– Нет, война тоже не будет.

– Как так? Мира не будет, войны не будет… Что же будет?

– Телеграмм будет.

Вспоминаю я сейчас этих наших жизнерадостных остроумных тифлисских торговцев и думаю: что с ними стало со времени прихода большевиков к власти? Наверно, здравый смысл и природный юмор доставили бедным кинто немало неприятностей при переходе в условия райской коммунистической жизни.

* * *

Посещение оперы было для старших пансионеров настоящим праздником. Некоторые из нас, особенно из игравших в оркестре, сделались настоящими меломанами. Казенный театр, в котором шли эти спектакли, казался нам, не видавшим еще театров в столицах и в других больших городах, верхом роскоши и совершенства.

Да и в самом деле для провинции он был очень приличен. В труппе антрепренера Форкатти11 находилось немало прекрасных певцов; выступали баритон Камионский12, тенор Секар-Рожанский13, прекрасное меццо-сопрано Петрова14. Наша группа любителей музыки хорошо изучила многие оперы; мы знали даже, в каких партиях в каких местах встречаются ответственные верхние ноты и бешено аплодировали, когда артист или артистка брали их чисто, свободно и с длительным дыханием. Вообще, во время зимнего сезона, когда студенты уезжали на север в свои университетские города, мы, гимназисты, составляли главные кадры той молодежи, которая создает обычно успех артистам. И потому наши певцы и певицы очень любили и ценили нас за нашу экспансивность, за громовые аплодисменты и за бури восторгов. Но зато горе тому, кто проявлял к нам пренебрежительное отношение, презирал и не хотел с нами знакомиться. Мы могли такому гордецу совершенно испортить репутацию, и не только свистками и воем во время спектакля, но и более жестокими мерами.

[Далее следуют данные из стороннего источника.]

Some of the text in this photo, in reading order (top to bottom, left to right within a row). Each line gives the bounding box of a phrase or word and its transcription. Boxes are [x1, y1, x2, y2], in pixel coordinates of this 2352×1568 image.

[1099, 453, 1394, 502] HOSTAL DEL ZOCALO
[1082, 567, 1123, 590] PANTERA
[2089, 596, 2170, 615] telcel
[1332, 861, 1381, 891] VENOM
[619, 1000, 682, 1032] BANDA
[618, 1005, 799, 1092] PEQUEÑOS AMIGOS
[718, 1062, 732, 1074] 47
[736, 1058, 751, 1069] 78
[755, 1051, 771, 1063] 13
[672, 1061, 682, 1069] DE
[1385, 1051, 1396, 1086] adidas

Если подобный чванный субъект получал бенефис, мы приносили с собою в театр нюхательный табак, предварительно скатав его в шарики, забирались на галерку и, дождавшись наиболее выигрышной арии, сбрасывали шарики сверху в партер. Артист самоуверенно начинал петь, а публика в ответ начинала дружно чихать.

Зато любимых певцов мы единодушно поддерживали и рекламировали, где могли. Так, например, один из нас, узнав, что Камионскаго звать Оскаром Исаевичем, отвечая на уроке русского языка наизусть отрывок из «Демона», начал его так:

«И над вершинами Кавказа Оскар Исаич пролетал»

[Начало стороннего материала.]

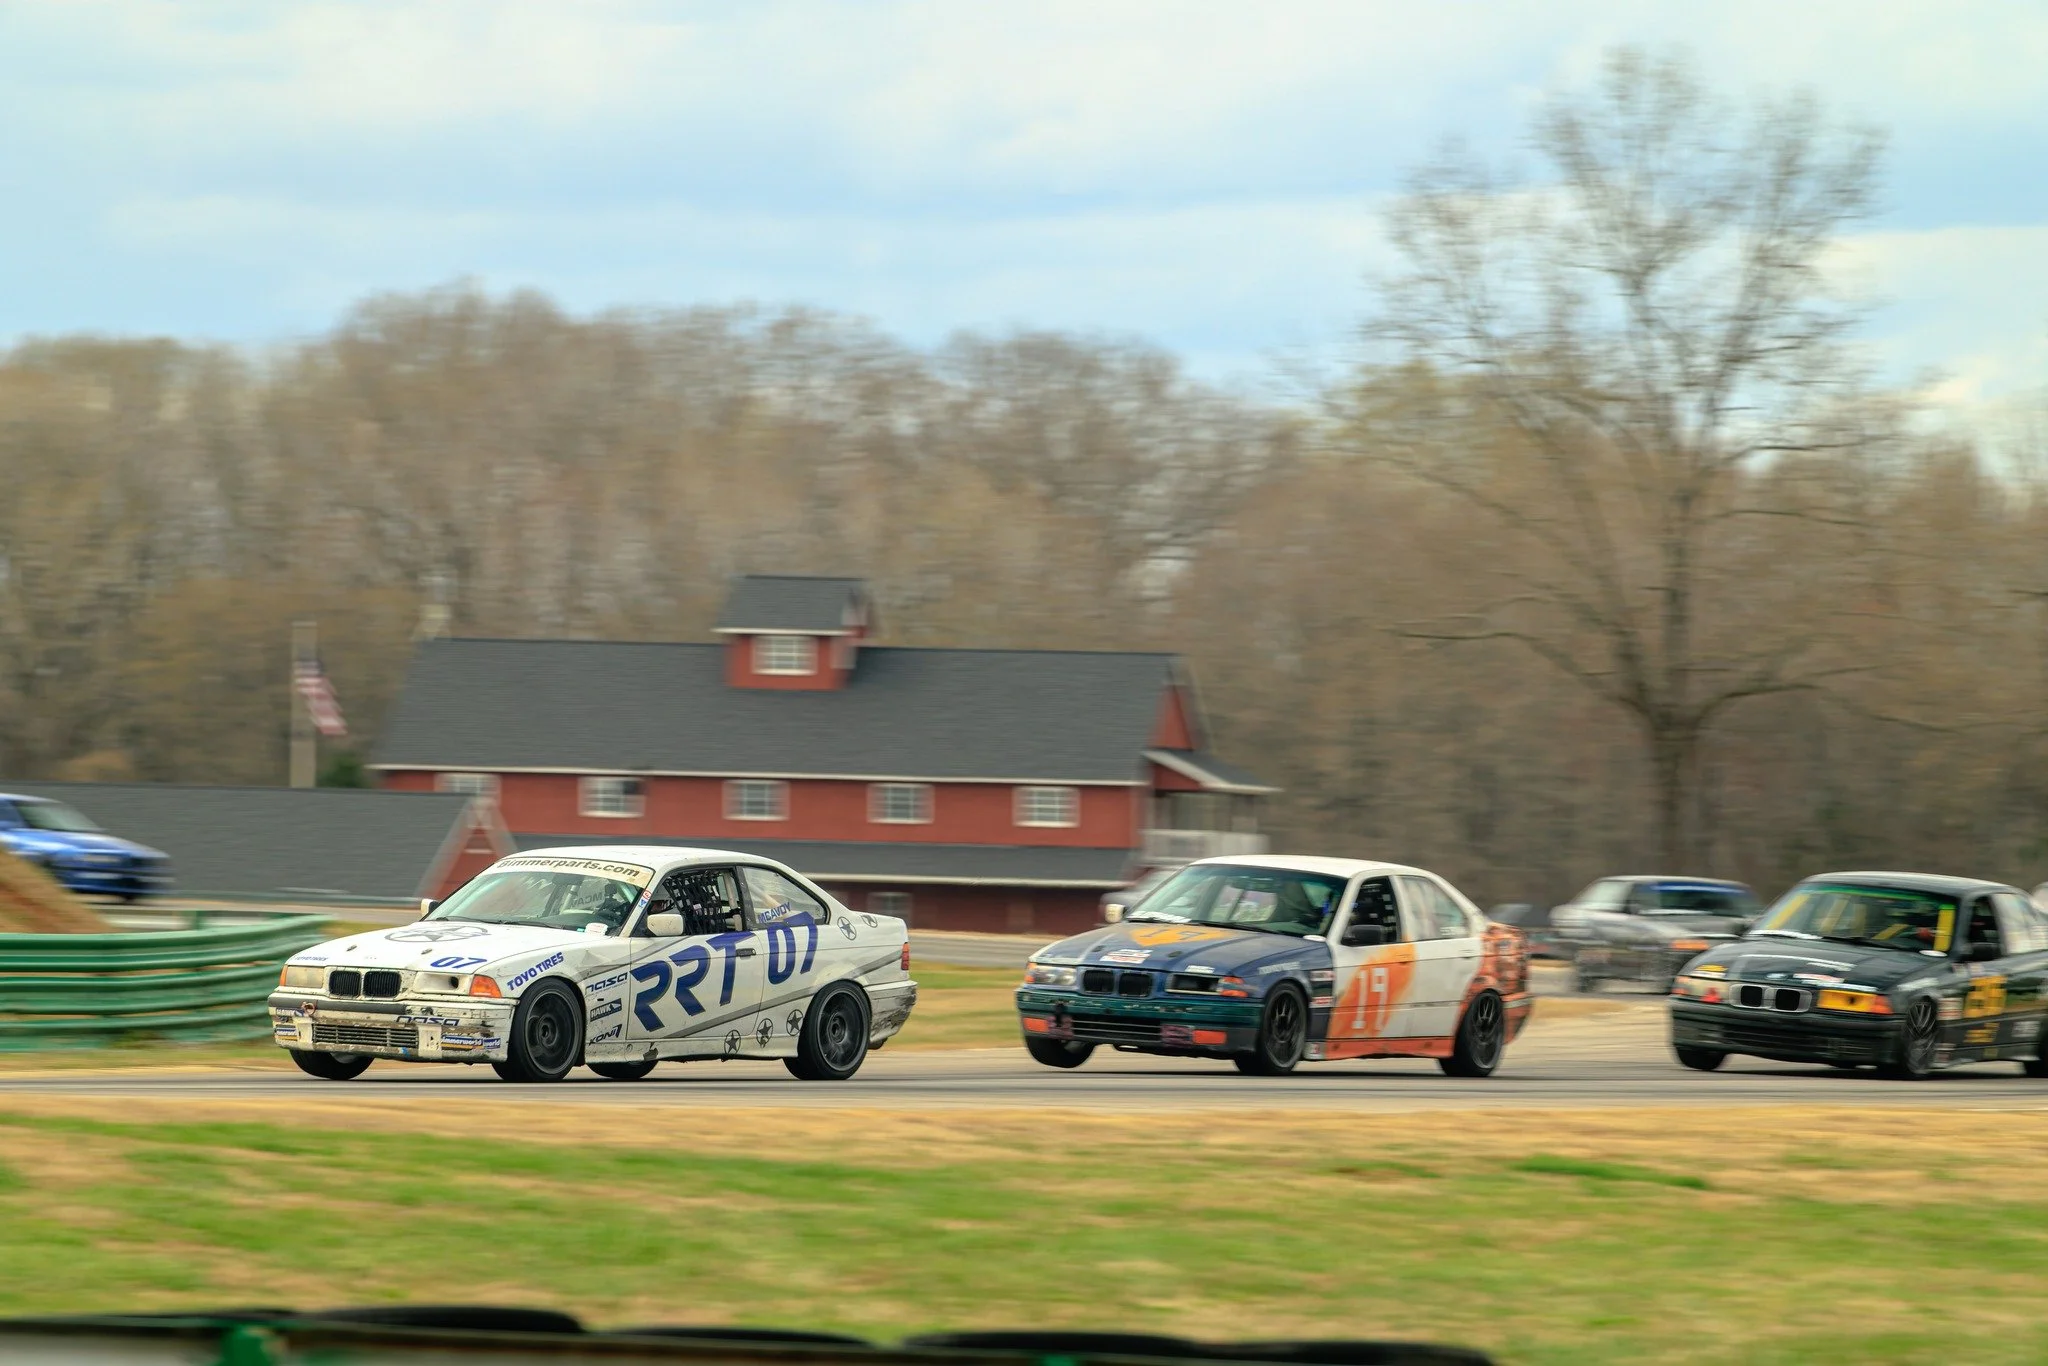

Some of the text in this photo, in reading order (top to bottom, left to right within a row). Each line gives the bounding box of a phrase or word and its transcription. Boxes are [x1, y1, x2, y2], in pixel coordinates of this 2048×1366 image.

[497, 858, 640, 878] Bimmerparts.com
[757, 901, 792, 924] MCAVOY
[430, 956, 488, 969] 07
[767, 911, 819, 985] 07
[506, 951, 565, 992] TOYO TIRES
[629, 931, 757, 1033] RRT
[590, 1003, 612, 1018] HAWK
[1350, 967, 1390, 1031] 19

За что преподаватель Черников, сам большой любитель оперы, поставил смельчаку не единицу, а хороший балл, и вступил с ним в беседу о достоинствах «Демона» Рубинштейна.

* * *

Естественно, что, разъезжаясь на праздники и на каникулы по своим глухим углам Закавказья, мы, знатоки музыки, очень страдали от отсутствия оперы. Помню, с какой величавой снисходительностью узнал я, приехав в отпуск в родной Батум, что местный музыкальный кружок ставит, наряду с концертной программой, первую картину из «Фауста».

Шел «Фауст» на второй день Рождества в «Железном театре». Этот «Железный театр» был построен из гофрированного железа в виде большого барака, имевшего довольно просторную сцену с кулисами. Отличался он той неудобной особенностью, что играть в нем можно было только в хорошую погоду. В ненастные дни дождь так сильно барабанил по железной крыше и по стенам, что не только публика не могла расслышать, о чем говорят или поют на сцене, но и сами исполнители не были в состоянии разобрать, какие крики раздаются среди слушателей. А так как Батум, по точным метеорологическим данным считается самым дождливым местом в России, то понятно, что за неимением в городе другого театра, спектакли шли здесь довольно редко: драматические актеры-любители поневоле забывали, как нужно себя держать на сцене, а самородки-певцы редко прочищали перед публикой свои голоса.